The countryside in between the forests of olive trees is indelibly marked by traces of rural culture, with the unmistakable dry stone walls that were used, and are still used, to divide the famer’s land and the pagghiare, ancient dry stone constructions used to store tools. The Salento landscape is also dotted with, inland, many fortified Masserias dating back to the seventeenth, eighteenth and nineteenth century, and on the coast, with lookout towers built over the centuries as a defence against pirates. The typically Mediterranean historical towns, such as Lecce, are dominated by the unique yellow-pinkish colour of Lecce stone. Its softness and malleability was perfectly suited for chiselling and was used to decorate the face of churches and buildings of rare richness and beauty. The internationally famous Lecce baroque style became very popular especially in the sixteenth and seventeenth centuries.

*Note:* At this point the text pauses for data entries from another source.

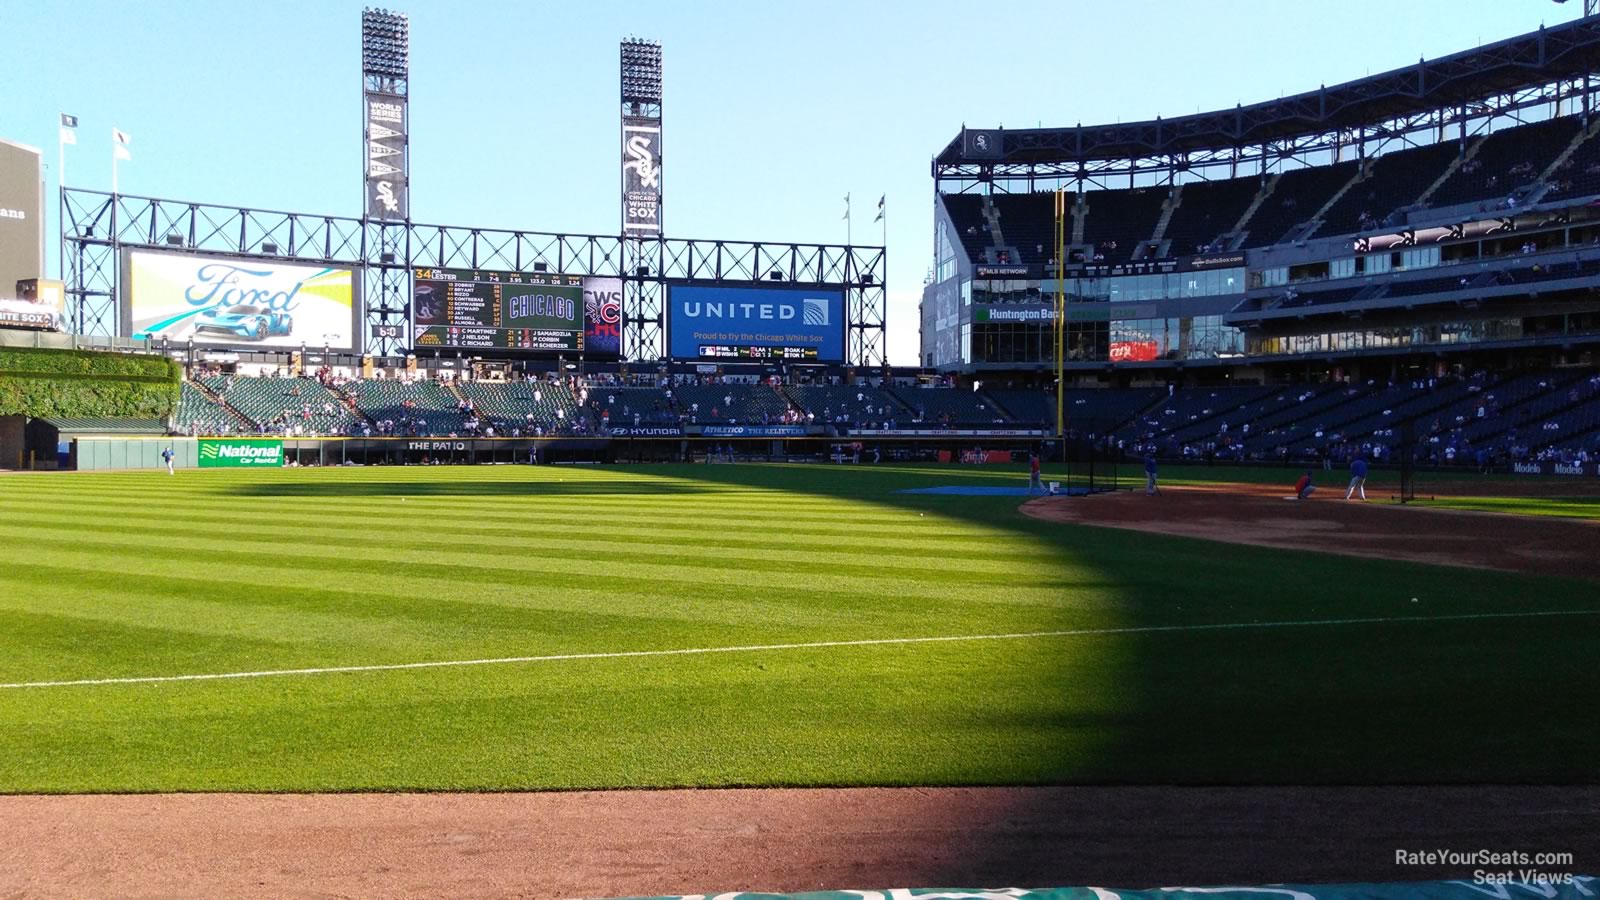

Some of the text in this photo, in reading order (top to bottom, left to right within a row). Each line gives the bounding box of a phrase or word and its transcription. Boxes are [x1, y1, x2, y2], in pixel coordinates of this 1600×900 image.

[371, 101, 402, 112] WORLD
[371, 108, 402, 119] SERIES
[629, 207, 657, 218] SOX
[415, 269, 431, 279] 34
[185, 264, 303, 312] Ford
[509, 294, 575, 321] CHICAGO
[684, 301, 796, 320] UNITED
[21, 313, 43, 323] SOX
[989, 309, 1040, 321] Huntington
[693, 331, 824, 343] Proud to fly the Chicago White Sox
[630, 428, 680, 436] HYUNDAI
[704, 426, 744, 434] ATHLETICO
[218, 443, 281, 457] National
[408, 441, 465, 451] THE PATIO
[1514, 462, 1541, 473] Modelo
[1554, 463, 1583, 474] Modelo
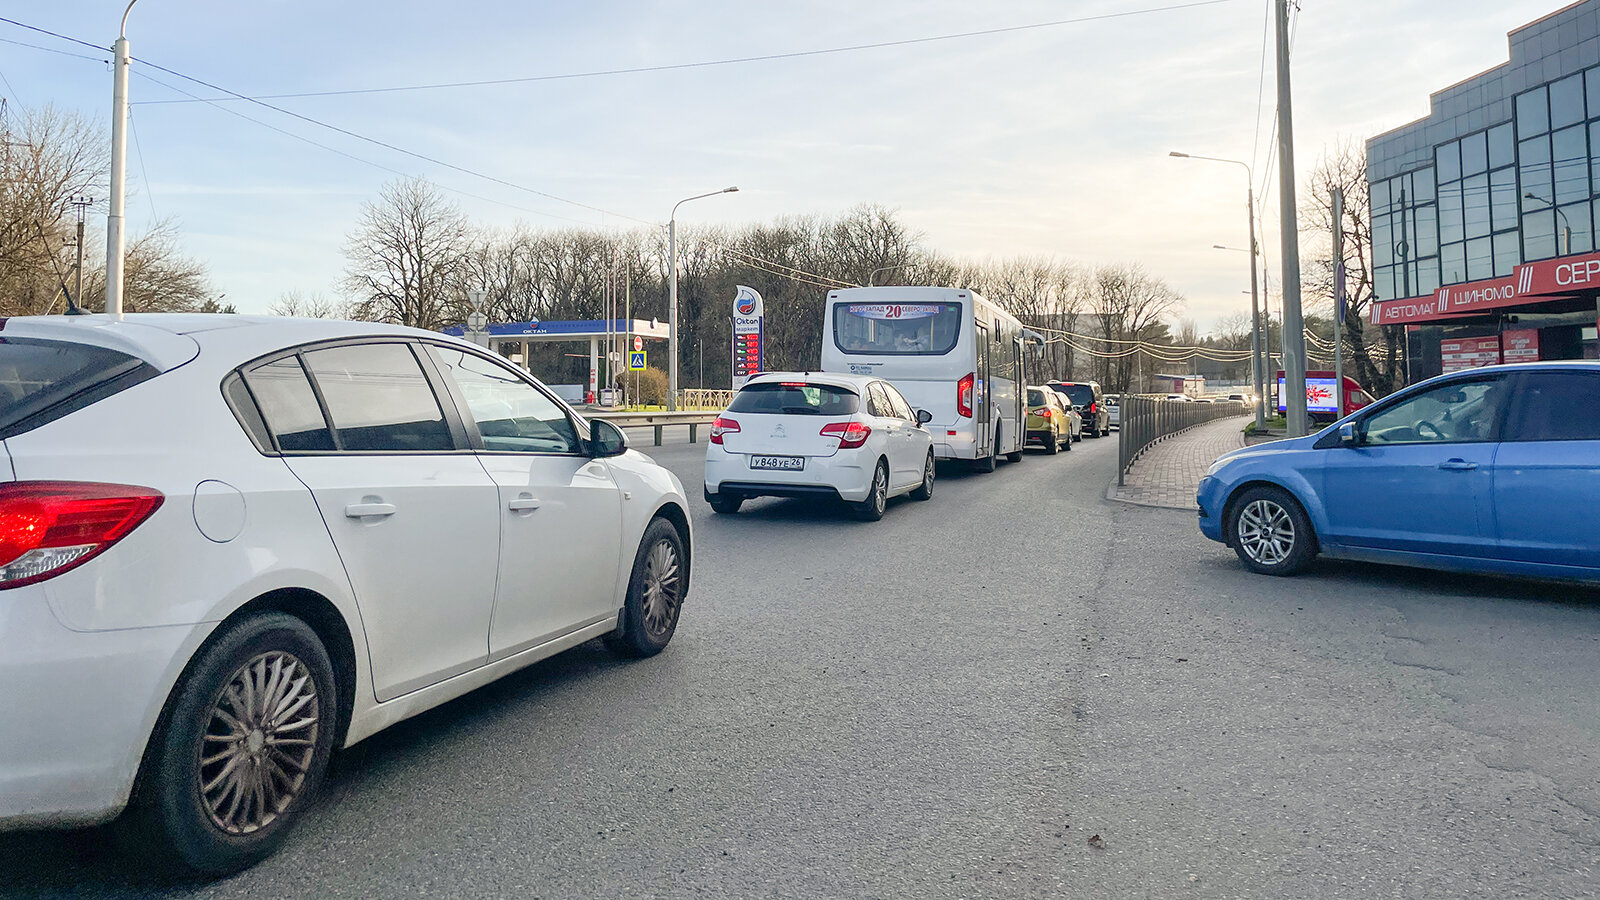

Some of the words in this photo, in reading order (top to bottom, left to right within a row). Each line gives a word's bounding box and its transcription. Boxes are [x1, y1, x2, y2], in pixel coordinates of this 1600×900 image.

[1555, 260, 1600, 285] СЕР
[1454, 285, 1514, 305] ШИНОМО
[885, 305, 902, 318] 20
[1385, 302, 1436, 319] АВТОМАГ
[791, 458, 801, 466] 26
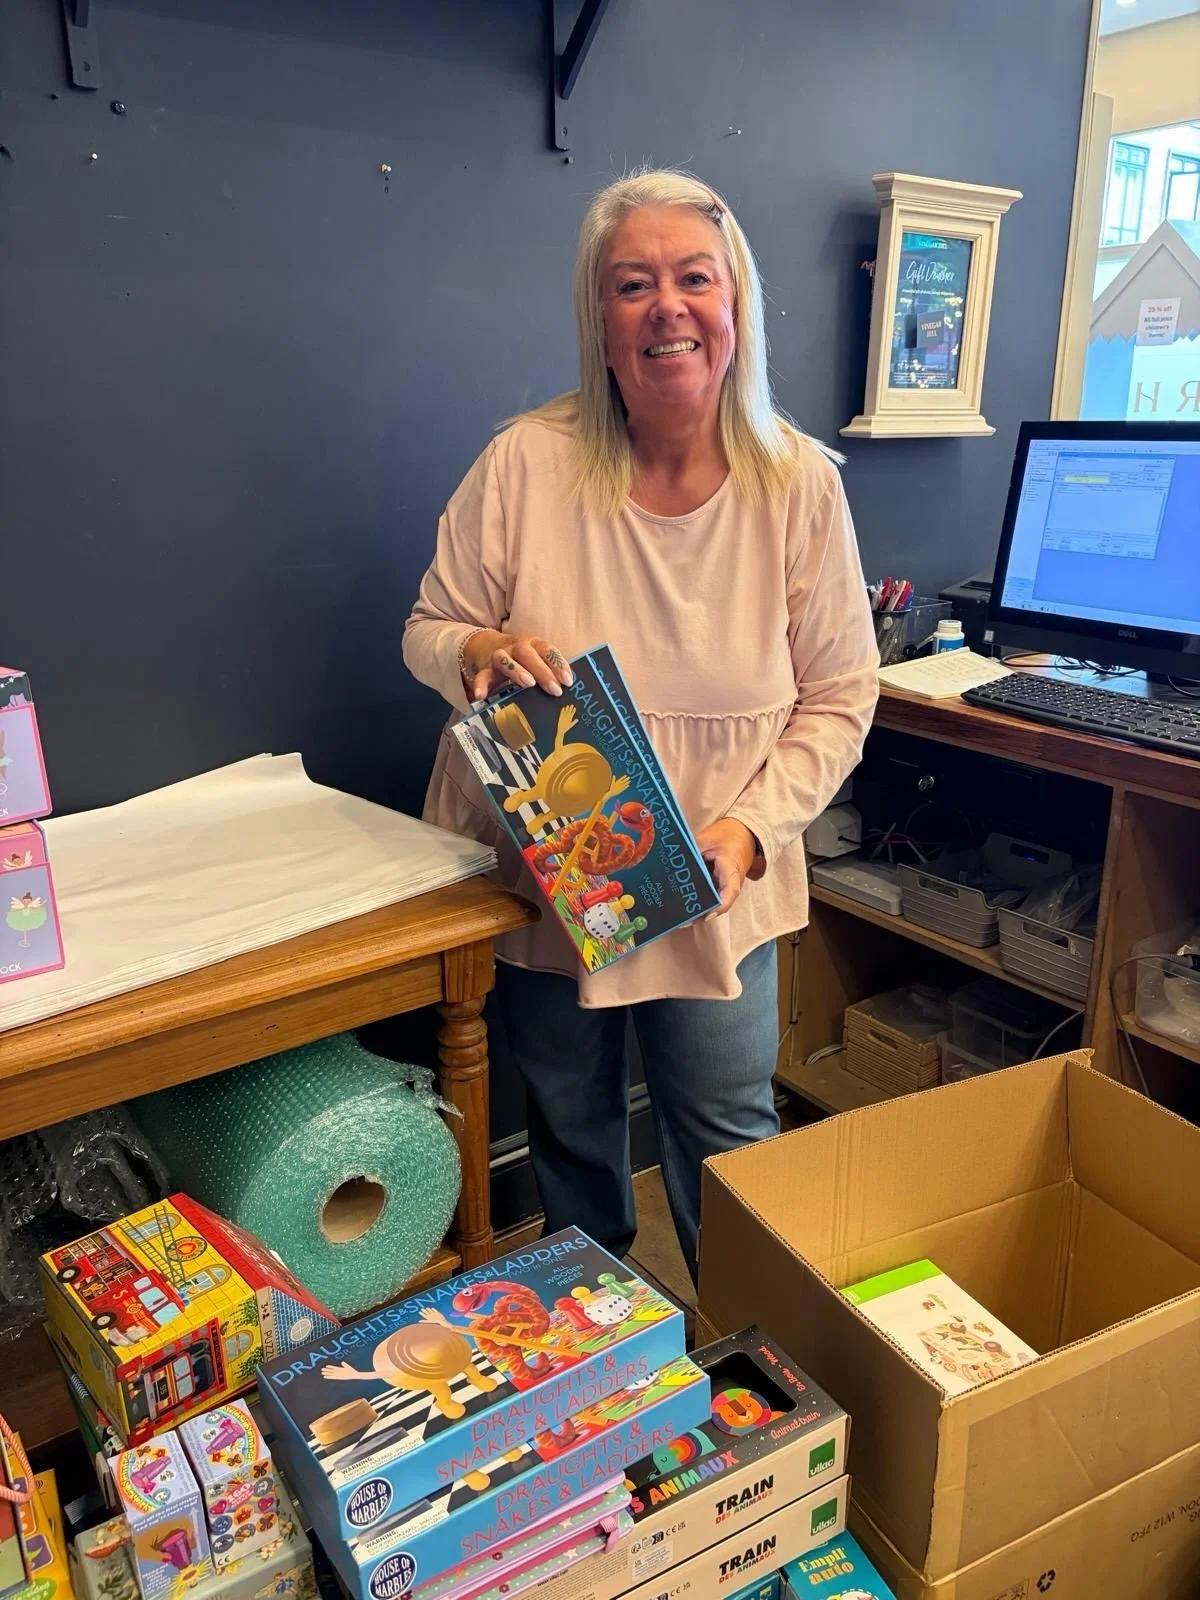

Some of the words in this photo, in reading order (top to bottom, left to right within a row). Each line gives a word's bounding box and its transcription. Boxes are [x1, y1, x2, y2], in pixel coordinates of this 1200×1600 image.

[906, 260, 924, 284] Gift
[925, 261, 955, 284] Voucher
[921, 320, 942, 331] VINEGAR
[642, 873, 665, 909] WOODEN
[506, 1266, 531, 1279] TWO
[541, 1254, 565, 1267] ONE
[544, 1263, 585, 1285] WOODEN
[552, 1264, 569, 1274] ALL
[558, 1271, 585, 1287] PIECES
[335, 1347, 351, 1361] OR
[470, 1364, 599, 1441] DRAUGHTS
[601, 1353, 618, 1373] &
[436, 1419, 528, 1484] SNAKES
[534, 1409, 547, 1427] &
[553, 1354, 650, 1414] LADDERS
[770, 1419, 799, 1441] Animal
[797, 1410, 821, 1429] train
[495, 1432, 624, 1514] DRAUGHTS
[629, 1419, 643, 1439] &
[648, 1449, 741, 1506] ANIMAUX
[809, 1459, 835, 1477] vilac
[350, 1483, 377, 1509] HOUSE
[377, 1482, 387, 1495] OF
[461, 1490, 553, 1557] SNAKES
[558, 1477, 573, 1498] &
[579, 1419, 676, 1487] LADDERS
[715, 1474, 775, 1516] TRAIN
[351, 1493, 389, 1524] MARBLES
[714, 1512, 732, 1524] DES
[733, 1489, 775, 1515] ANIMAUX
[811, 1517, 837, 1536] vilac
[374, 1558, 400, 1584] HOUSE
[400, 1557, 411, 1568] OF
[718, 1535, 777, 1576] TRAIN
[718, 1570, 735, 1585] DES
[736, 1549, 777, 1573] ANIMAUX
[375, 1567, 412, 1598] MARBLES
[807, 1561, 855, 1585] auto

But Salento’s heritage does not stop there. This primitive land, once called Messapia (“Land between two seas”) and home to the Messapian people, has been culturally and socially modelled by the Greeks, Latin, Byzantine, Normans, Aragonese, Saracens and Bourbons. An accumulation of languages, traditions, religions and views of the world that have created an extraordinary heritage in the Salento, of which Otranto and Lecce, are two of the most significant centres, but certainly not only ones.
Agriculture, that in the Salento peninsula is not only a rural and rustic tradition but these days a veritable and advanced entrepreneurial activity, runs parallel to this rich heritage. The climate is typically Mediterranean and temperate. It enjoys the influence of the two seas with long and dry summers and mild winters and of the Balkans on the Adriatic side. The territory is mainly flat, especially the southern tip, and geologically calcareous and clayey. This unique alchemy is ideal for the cultivation of various products. First of all the sacred olive oil; there are millions of olive trees in the Salento alone, in particular the Cellina and Salento Ogliarola varieties. Then, naturally, vineyards. The typical varieties of the Salento peninsula reflect the strong character of this land: Negroamaro, Primitivo, Malvasia, etc. Over the decades the local growers have increased their wine-making knowledge and skills, so that today Salento’s wines are appreciated across the globe.
Alongside oil and wine, the noble standard bearers of a millenary culture, thanks to a land kissed by the sun and sea and with a unique morphology, the Salento boasts many other crops from vegetables (such as aubergines, peppers, courgettes, tomatoes) to many different types of figs and fruit. The nursery gardening is also a thriving business. This richness of flavours finds its way in Salento’s food and wine, which today brings together the rural and peasant tradition with a new modern approach.